I am going to show a simple compilable code snipped where I get weird behaviour: after I intentionally cause a panic in processData (because I pass nil-pointer) the sending to channel l.done is blocked!

package main

import (
    "context"
    "fmt"
    "time"
)

type Loop struct {
    done chan struct{}
}

type Result struct {
    ID string
}

func NewLoop() *Loop {
    return &Loop{
        done: make(chan struct{}),
    }
}

func (l *Loop) StartAsync(ctx context.Context) {
    go func() {
        defer func() {
            l.done <- struct{}{} // BLOCKED! But I allocated it in NewLoop ctor
            fmt.Sprintf("done")
        }()
        for {
            /**/
            var data *Result
            l.processData(ctx, data) // passed nil
        }
    }()
}

func (l *Loop) processData(ctx context.Context, data *Result) {
    _ = fmt.Sprintf("%s", data.ID) // intentional panic - OK
}
func main() {
    l := NewLoop()
    l.StartAsync(context.Background())
    time.Sleep(10 * time.Second)
}

I can recover() a panic before sending to channel and I get correct error message.
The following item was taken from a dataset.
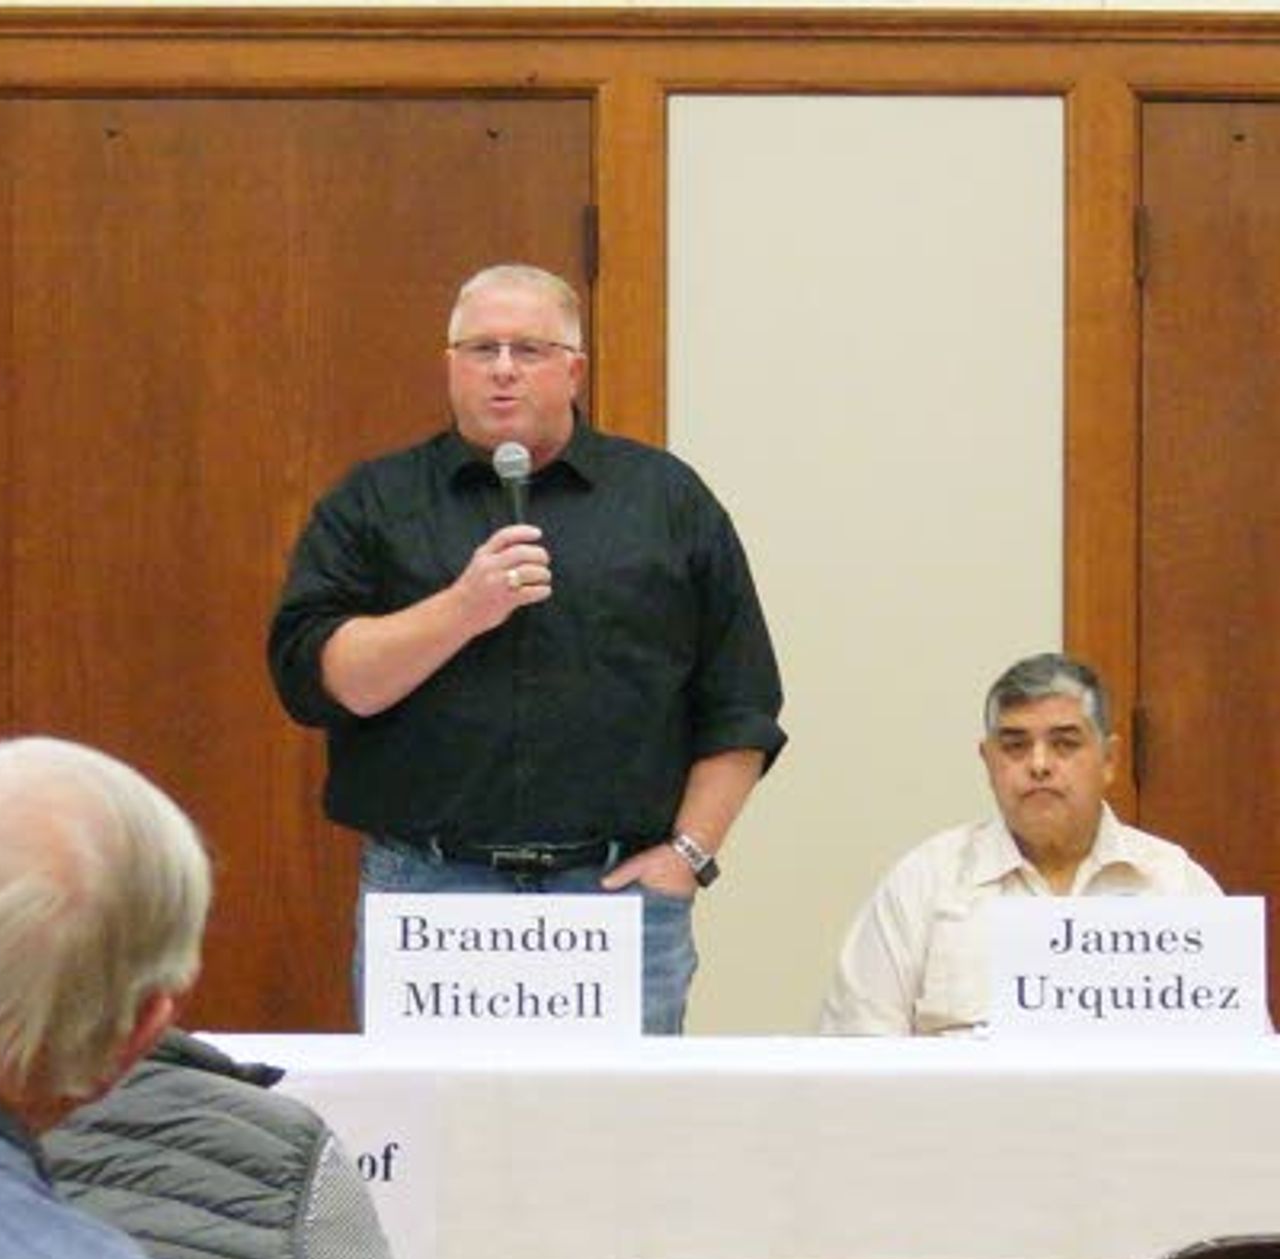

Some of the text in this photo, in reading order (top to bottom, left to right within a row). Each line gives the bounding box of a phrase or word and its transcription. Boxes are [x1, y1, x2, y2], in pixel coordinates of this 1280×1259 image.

What does happen with channel? It it was closed, I would get panic on sending to closed channel

CodePudding user response：

It's blocking because there isn't anything receiving from the channel. Both the receive & the send operations on an initialized and unbuffered channel will block indefinitely if the opposite operation is missing. I.e. a send to a channel will block until another goroutine receives from that channel, and, likewise, a receive from a channel will block until another goroutine sends to that channel.

So basically

done := new(chan struct{})
done<-struct{}{}

will block forever unless there is another goroutine that receives from the channel, i.e. <-done. That's how channels are supposed to behave. That's how the languages specification defines their behaviour.